L'autore è in montagna insieme ai suoi due figli. Si stanno arrampicando su una parete impegnativa. Il primo comincia a cedere. Ha paura di non farcela, ma vuole arrivare in vetta. Così il padre comincia a spronarlo: "Metti la mano lì, girati, sposta il piede". E intanto lo aiuta con la corda. Il piccolo, quasi senza rendersene conto, arriva in cima. Al ritorno, però, si fa pensieroso e chiede a Eldredge: "Papà... davvero credi che mi sia comportato da uomo lassù, davvero ero inarrestabile?". Una domanda retorica che però ha bisogno di un sì: "Mancate quel momento e mancherete il cuore del vostro ragazzo per sempre. La sua non fu una domanda, fu la domanda, la domanda che ogni ragazzo e ogni uomo bramano di fare. Sono davvero all'altezza? C'è in me la forza necessaria per affrontare la vita?
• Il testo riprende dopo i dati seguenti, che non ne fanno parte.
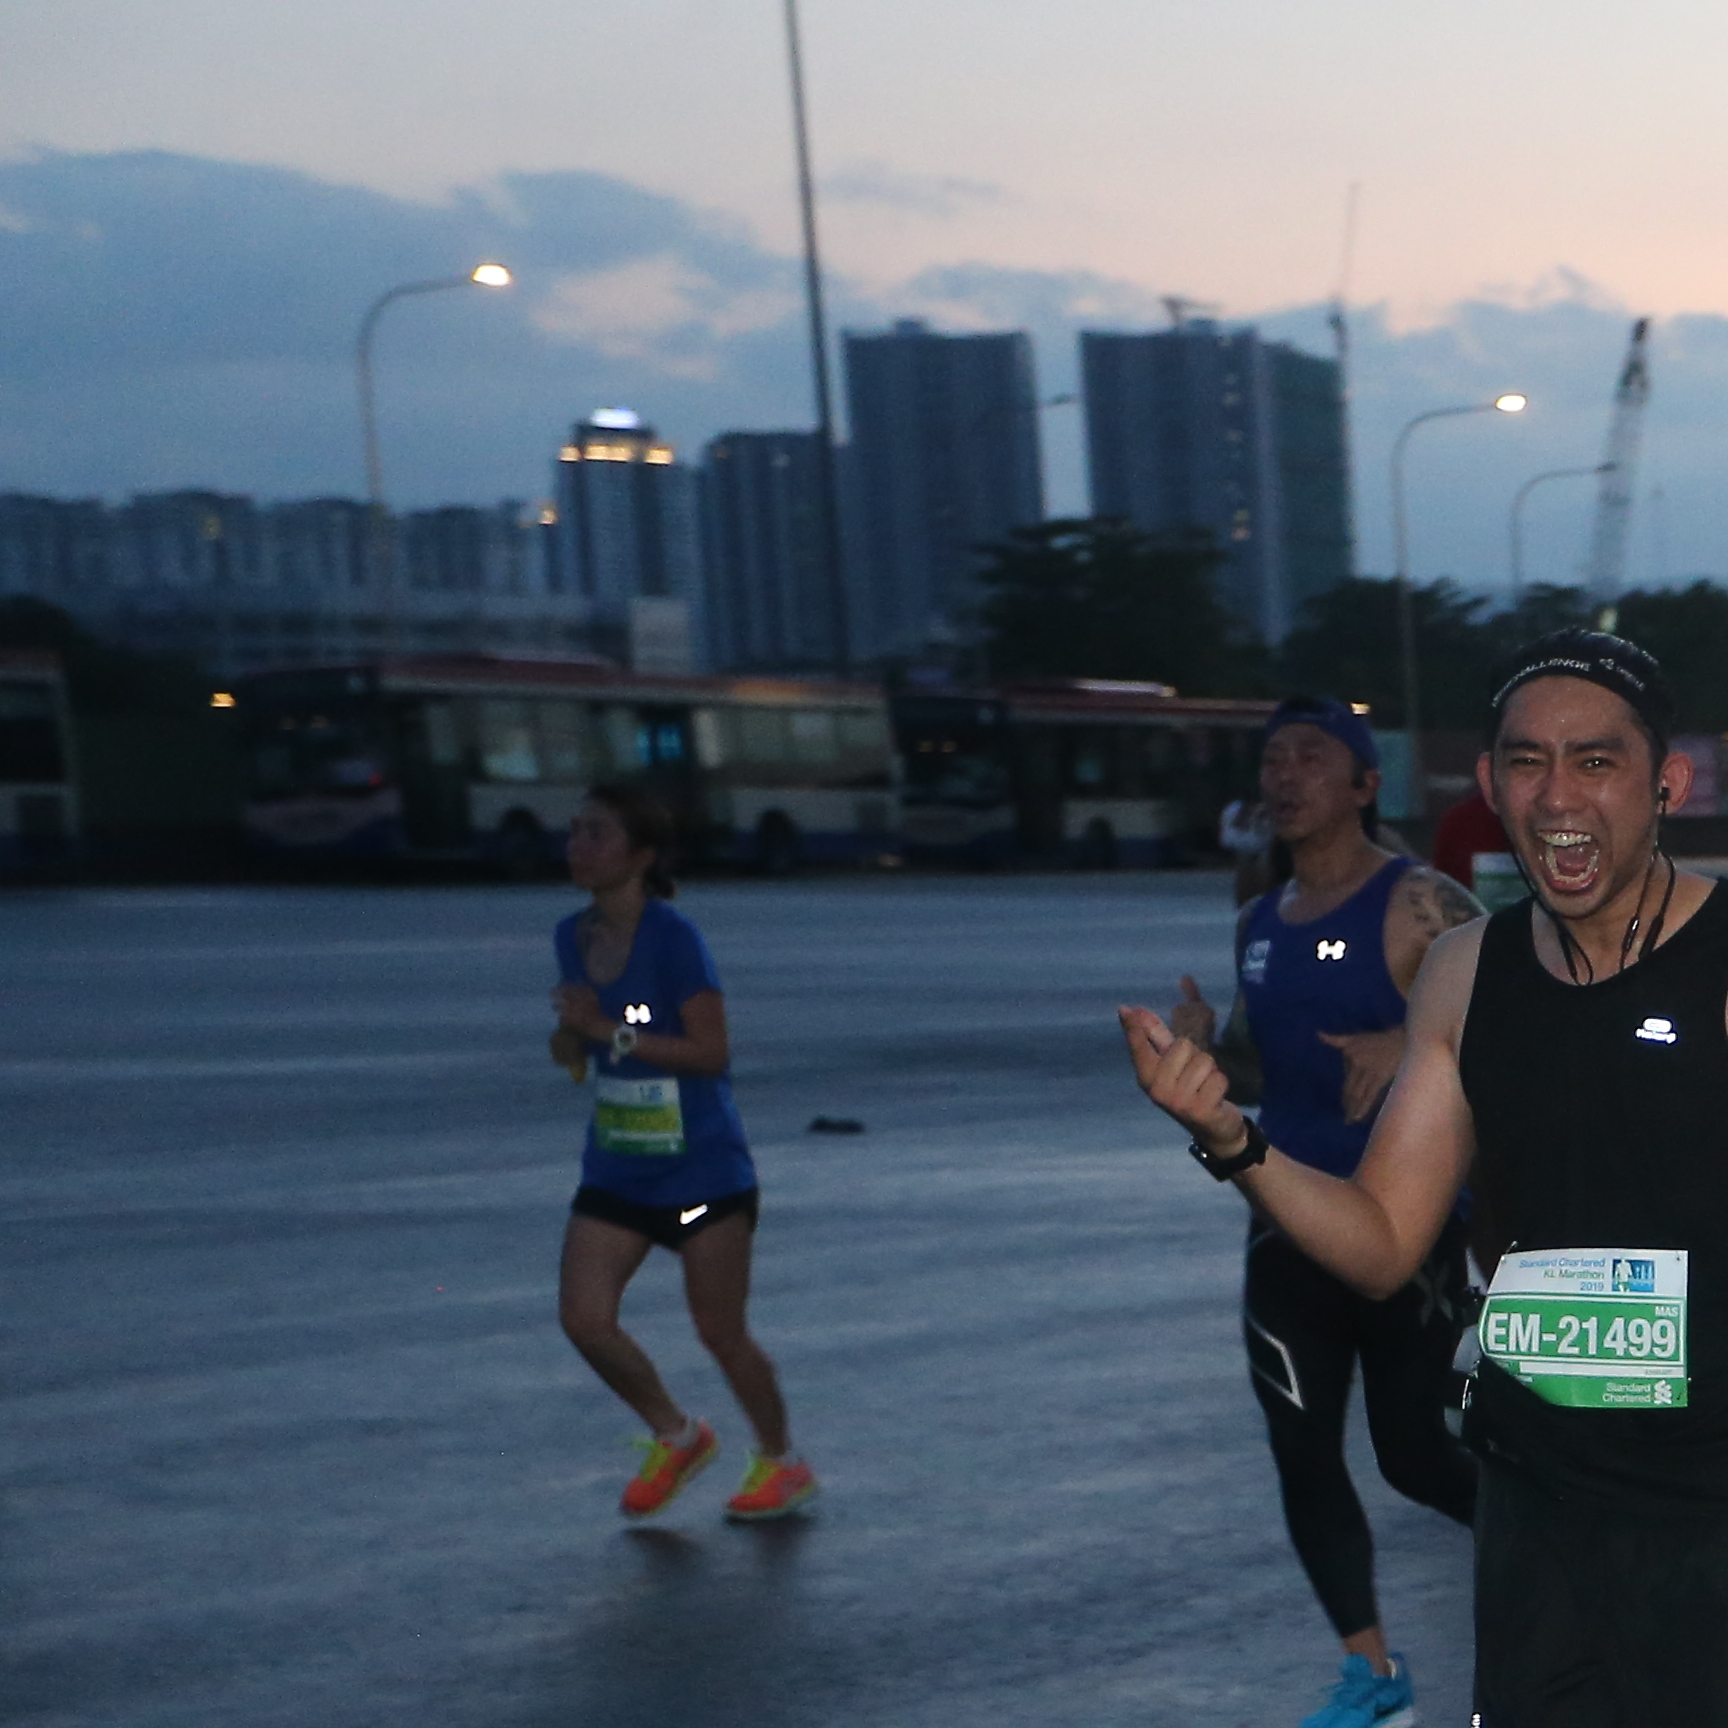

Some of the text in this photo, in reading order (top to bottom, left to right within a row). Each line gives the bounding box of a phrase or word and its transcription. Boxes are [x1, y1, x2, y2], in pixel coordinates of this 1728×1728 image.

Fino a che un uomo non sa di essere un uomo, egli passerà la vita a tentare di provare a esserlo e allo stesso tempo passerà la vita a scappare da qualsiasi situazione che possa rivelare il contrario".

Per pronunciare quel sì, però, bisogna esserci. Bisogna stabilire le proprie priorità nella vita. Quel moto di cui abbiamo bisogno per essere davvero uomini. "Esplora, costruisci, conquista", scrive Eldredge. Difendi la tua posizione. Servi chi hai attorno a te.

Ama, perché il cuore parla al cuore. E, alla fine dei tuoi giorni, guarda in faccia la morte e sospira: "Fiat voluntas tua". Sia fatta la tua volontà. Perché nel cuore sai di aver fatto il possibile affinché ciò avvenisse.